わたしはWKTSを良いプラクティスとして強く推しますが、反対されることもあります。得てして新卒社会人は「質問する前によく調べる・考える」なんていう指導をされがちですし、そういう文化の職場も数多くあるし、自分で調べることはそれはそれで重要です。わたしも、調べるスキルを身につけなくては、まともな技術者にはなれないだろうとも思います。
わからないことがあったとき、自分で調べて解決できれば、他の人には迷惑がかかりません。自力でやったという達成感もあるし、人の時間を奪うこともないし、苦労したことは忘れずに身につくでしょう。しかし、それはチームワークとチームのパフォーマンスを無視した、身勝手な意見であったりは、しないでしょうか?

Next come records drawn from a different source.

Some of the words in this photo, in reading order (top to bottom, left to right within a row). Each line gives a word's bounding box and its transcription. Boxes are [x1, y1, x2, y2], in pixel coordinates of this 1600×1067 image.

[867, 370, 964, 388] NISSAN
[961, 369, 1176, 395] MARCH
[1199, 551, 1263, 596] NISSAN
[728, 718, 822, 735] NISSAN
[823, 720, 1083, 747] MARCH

わからないことがあったとき、すぐに気軽に聞いて、聞かれた側もわかれば即答する、わからなければ「わからんから自分で調べて」と即答する、そんなことができるチームは、確実にチーム全体の時間を節約しています。初歩的なことであれば「ググレカス」と言えば済む。お互いイヤな気持ちにならずにそういったやりとりができるためには、チーム内に信頼関係と太いコミュニケーションパスが必要です。

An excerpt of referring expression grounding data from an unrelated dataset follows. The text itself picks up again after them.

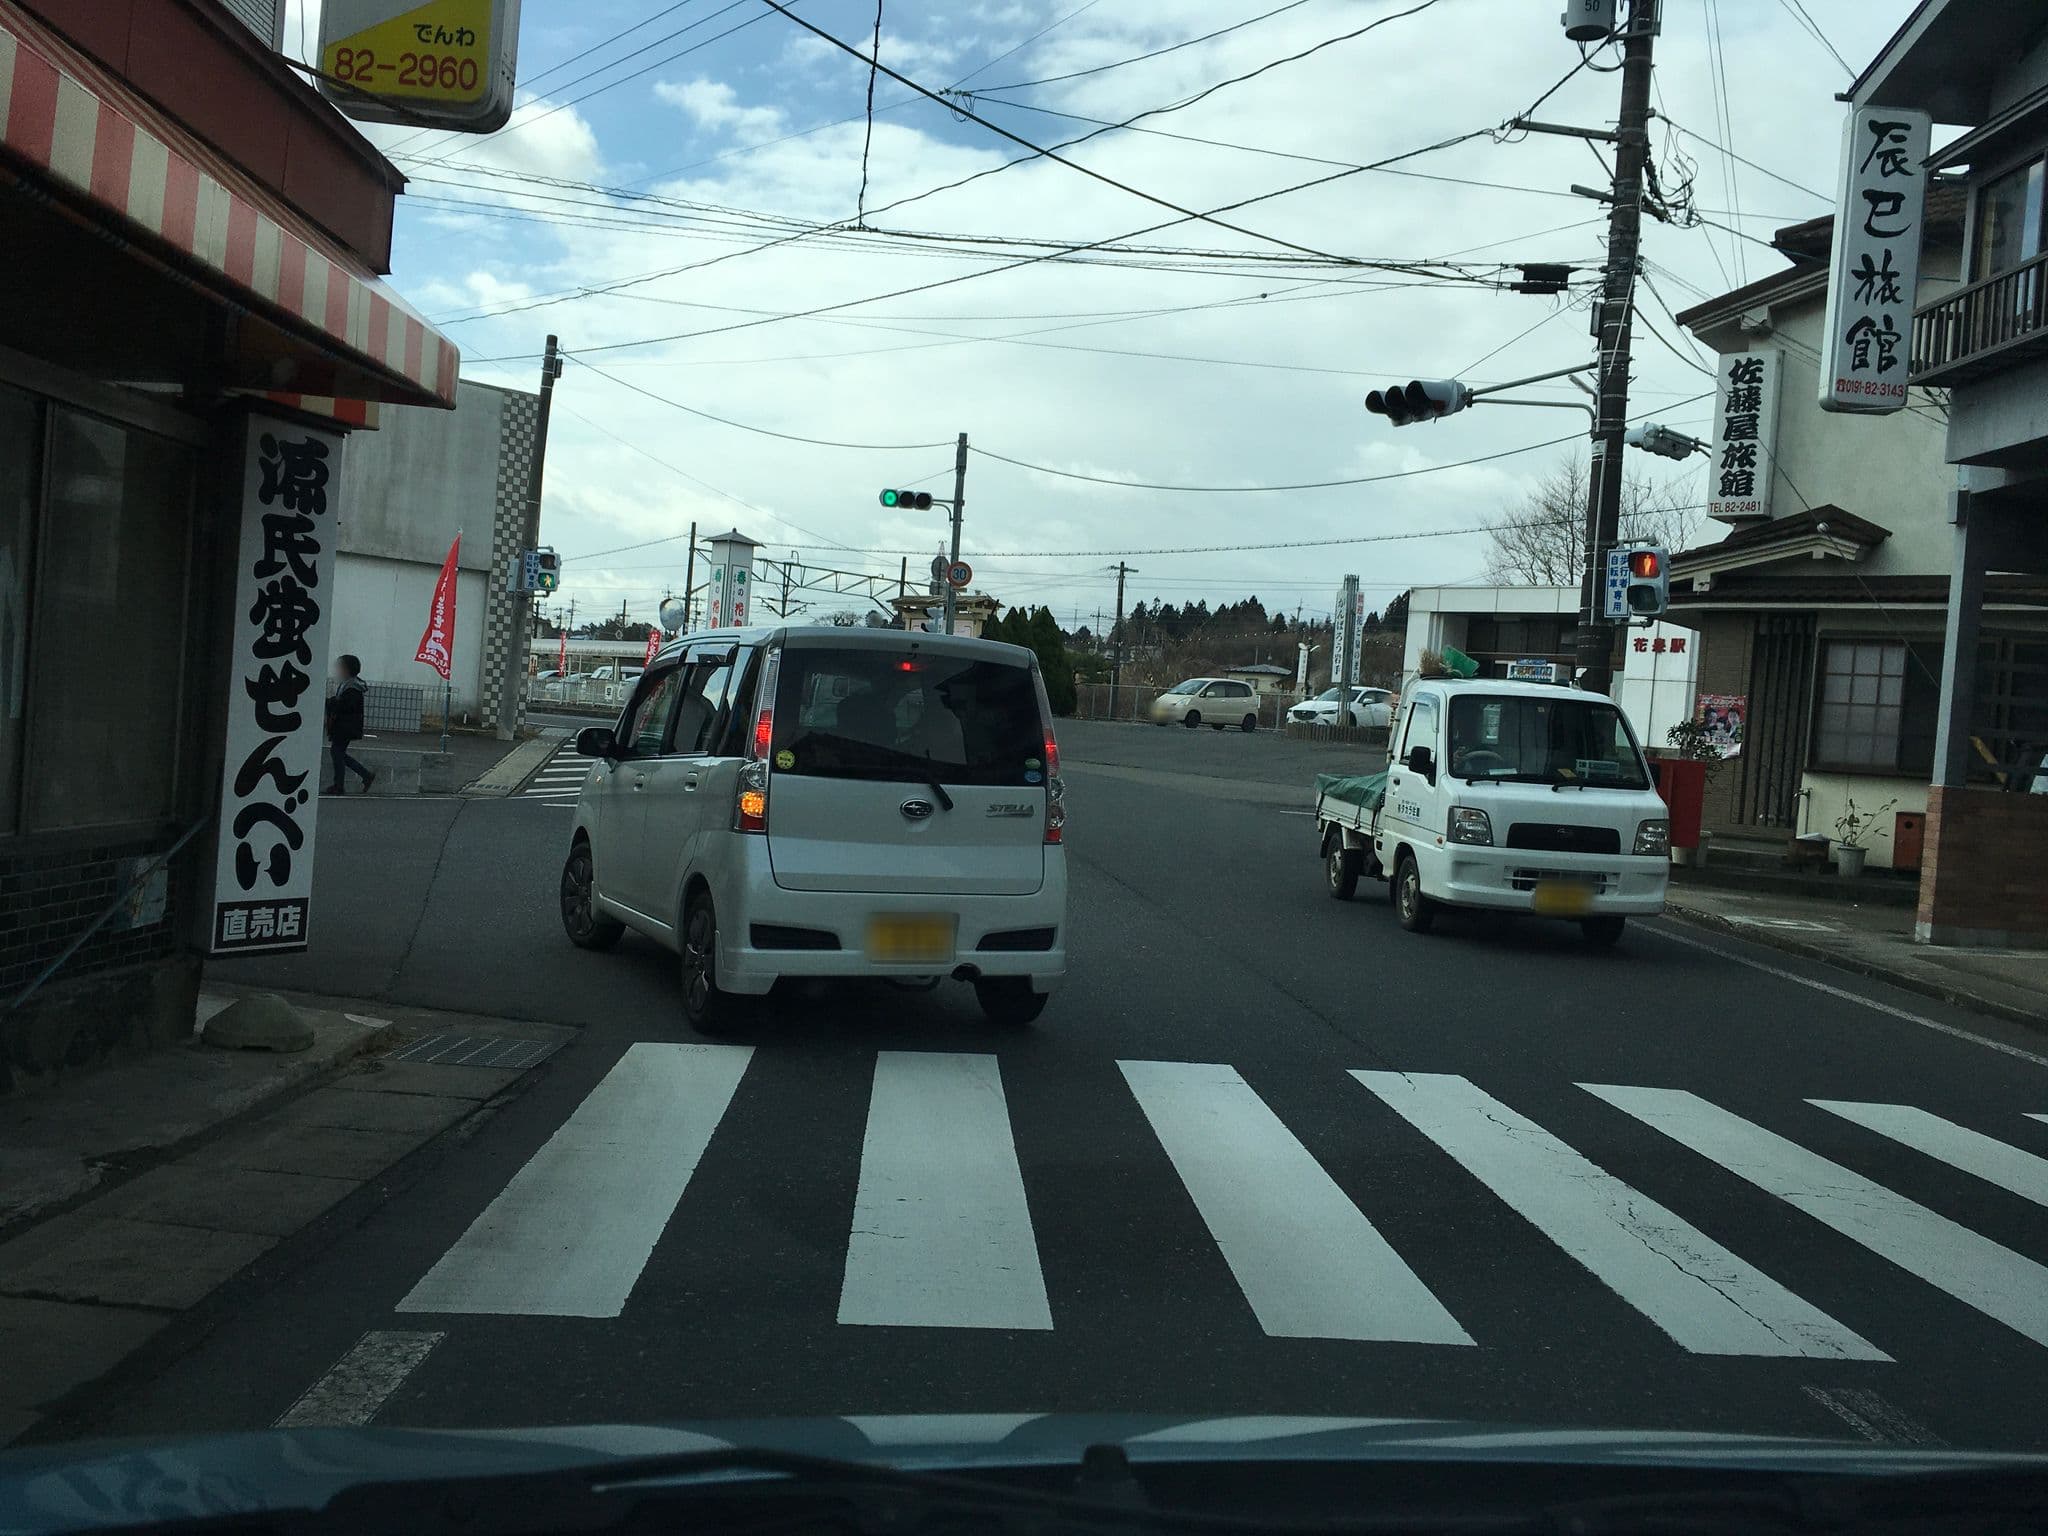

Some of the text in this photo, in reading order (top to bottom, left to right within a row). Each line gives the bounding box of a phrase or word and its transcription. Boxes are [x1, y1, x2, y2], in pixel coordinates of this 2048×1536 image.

[413, 23, 475, 46] でんわ
[334, 47, 478, 91] 82-2960
[1845, 118, 1915, 375] 辰巳旅館
[1718, 357, 1765, 497] 佐藤屋旅館
[1709, 500, 1761, 513] TEL 82-2481
[953, 568, 967, 580] 30
[222, 904, 302, 942] 直売店

新人が気にかかった疑問が、実はプロジェクト全体に関わる大きな問題の一端であることもあります。そうした疑問を表面化して共有することは、重要なリスク管理の手法となります。信頼関係があれば、新人に限らずベテランの人でも「ん?」と思ったとき、人と相談できるでしょう。そこからリスクを発見できるかもしれないし、場合によっては直ちに解消できるかもしれない。表面化したリスクをまた見失わないように、解決した疑問を記録して共有する仕組みも用意するべきです。
誰かが疑問に思ったことは、他の人もまた疑問に思う可能性が高い。いったん解決した問題は、フォーマットにこだわらず記録して共有すれば、プロジェクトの知識という資産として残ります。網羅的な説明資料よりも、ピンポイントで役に立つ、しかも作成・維持にかかるコストが小さいプロジェクトナレッジベースとなります。疑問を埋没させず表面化し、さらに解決したときにはちゃんと記録するように促す(システム的にも、人的にもそうした仕組みが必要)。解決にかかった時間から、「個人の成長」という曖昧な効果を期待するだけでなく、プロジェクトの資産という目に見えるリターンを得ることができます。もちろん、個人的なメモをするだけではなくなるので、プロジェクトの記録を残すという作業からより深く客観的に疑問と解決を整理できるという効果もあるでしょう。
「わからないことはとりあえず質問する=WKTS」が、ひとつのプラクティスとして成立するかは微妙かもしれません。ですが、そうした文化を醸成できるチームは、コミュニケーションの薄い個人主義的メンバーの多いチームより、確実に高いパフォーマンスを出すことができます。